Avant-garde plus and minus

Greg Hooper

I’m off to the Judy for my first experience of Elision. I’d heard about them, I’d heard they were real quality, and I’d heard they were mainstream modernity—the classical avant-garde of the conservatorium. It was all true. The program drew on material from the last decade or two. Most pieces were by composers involved collaboratively with Elision.

The program opened with a solo percussion piece written by Richard Barrett and played on the vibraphone by Peter Neville. The performance was a stunner. He’s playing chords with a couple of mallets in each hand (a bit like playing golf with 4 clubs and 4 balls at once), and the piece must have thousands of notes—all sorts of chords, and it’s really fast. I’d love to see this guy working the chopsticks at a Yum-Cha. Neville made a couple of early mistakes (whoops—missed), but this is a failure rate any machine would envy. It’s easy to get used to the enormous polish that excellent performers have.

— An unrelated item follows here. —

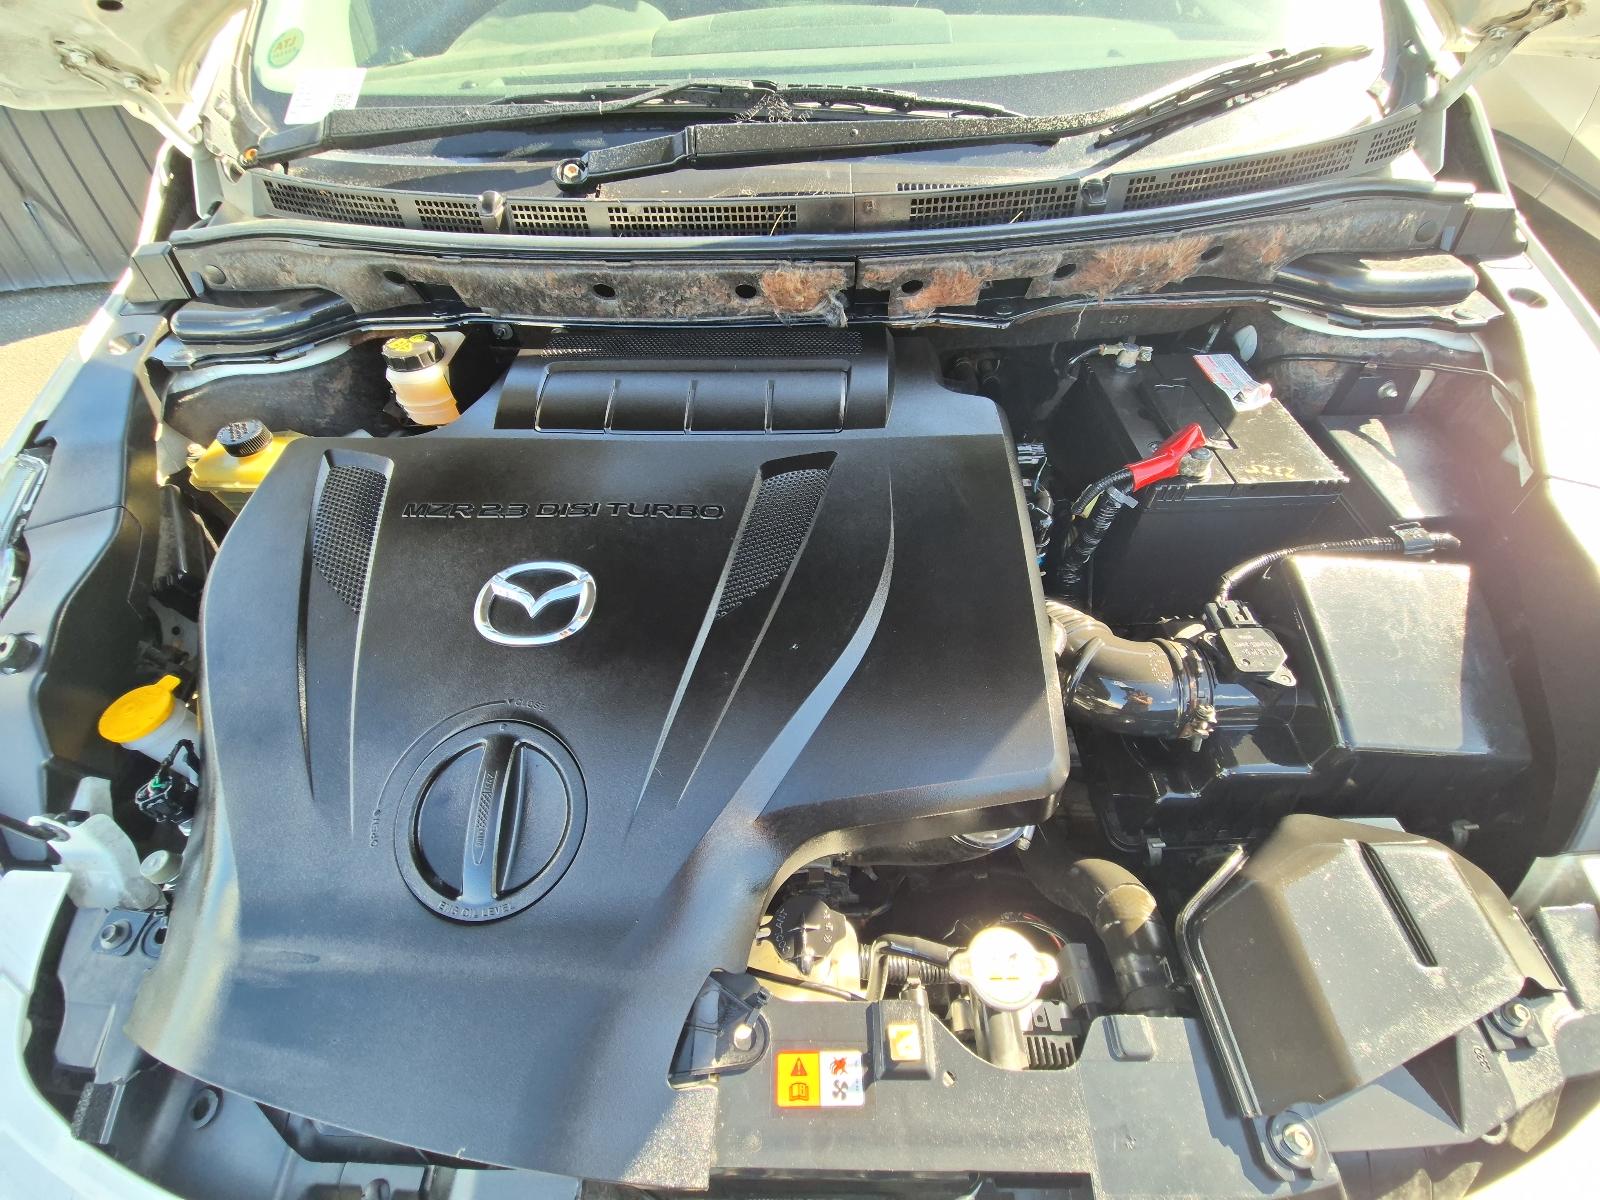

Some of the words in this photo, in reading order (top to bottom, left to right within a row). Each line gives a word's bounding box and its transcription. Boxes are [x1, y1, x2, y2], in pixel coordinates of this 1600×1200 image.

Two duets by Michael Finnissy for guitar and voice followed, with Geoffrey Morris on guitar and Deborah Kaiser singing. Great voice, especially low. Lots of medieval-style ornament. The guitar was a bit soft in the first piece, but came into its own in the second. This was followed by a solo piece written by Aldo Clementi. Morris’s guitar was assured, but the piece itself was a little incoherent for me. There’s that whole old school avant-garde thing—which of these two random sequences do you prefer? It’s an approach to composition that runs through the entire concert program. From an information/theoretic point of view, there’s a lot of information in random sequences. From a musical point of view, there’s none.

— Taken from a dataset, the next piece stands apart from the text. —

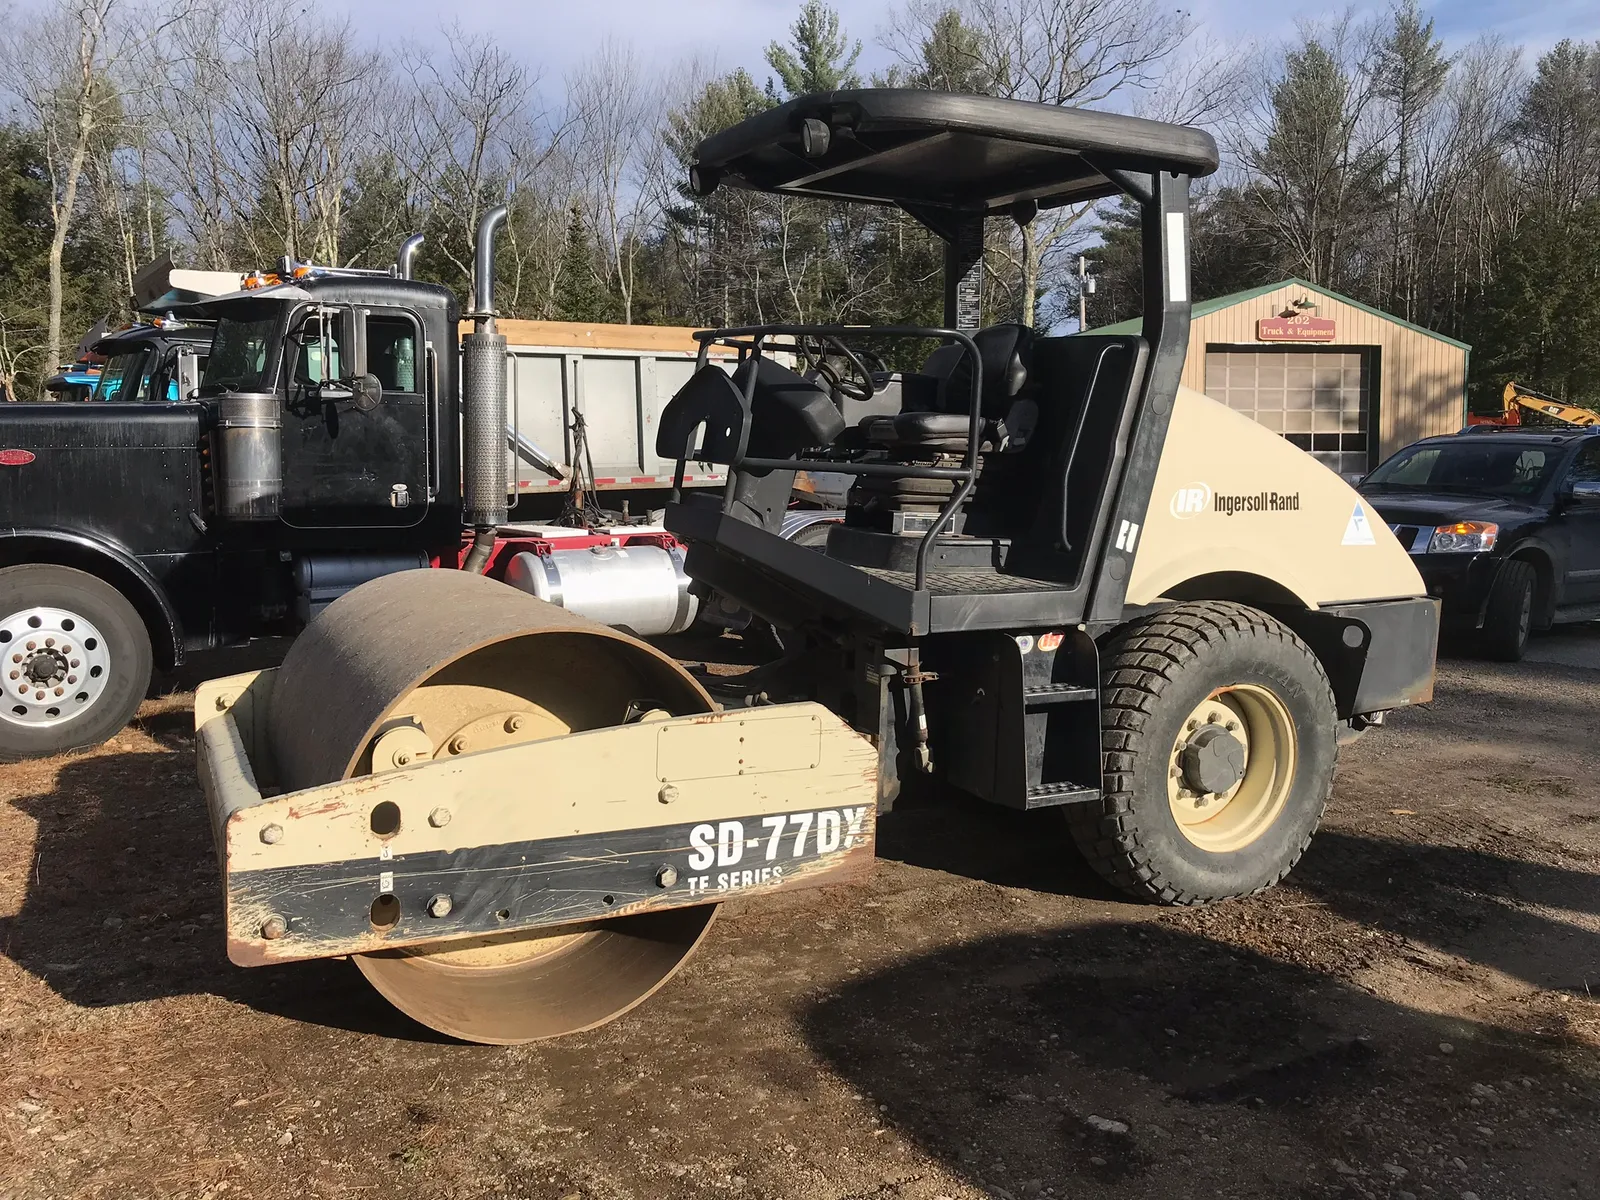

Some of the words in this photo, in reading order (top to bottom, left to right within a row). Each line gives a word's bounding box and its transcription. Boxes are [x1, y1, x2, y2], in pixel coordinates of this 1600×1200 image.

The first half of the program then finished with a bravura solo performance of a Richard Barrett trombone piece by Ben Marks. Once again the performance was gob-smacking. However, as a compositional strategy I can’t help but think that ‘new sounds for old instruments’ lost its cachet about 20 or 30 years ago.

After the break was the highlight of the concert, Timothy O’Dwyer performing his composition, Sige, for solo bass sax and prerecorded backing. The piece begins with O’Dwyer centre stage—rocker hair and Pelaco shirt—carrying a bass saxophone. Underneath, a low sustained drone changes up a fourth like a sluggish 12-bar blues is about to roll forth. Instead, the drone continues as O’Dwyer fumbles about with the sax, a few fitful noises, classic ‘just can’t get into it’ stops and starts. The drone stops for a brief moment and the process repeats. But with each repeat, O’Dwyer starts to play more, until we’re watching and hearing wild, Jimi Hendrix-meets-Mac-truck multiphonics, trills, grunts and squawks. It’s the archetypal sax solo. And he does this again and again and again. The playing is phenomenal, but it’s totally hermetic, the performer isolated in his own ecstatic space like a caged rat pressing the food bar over and over again, raising the question: Who’s a solo for?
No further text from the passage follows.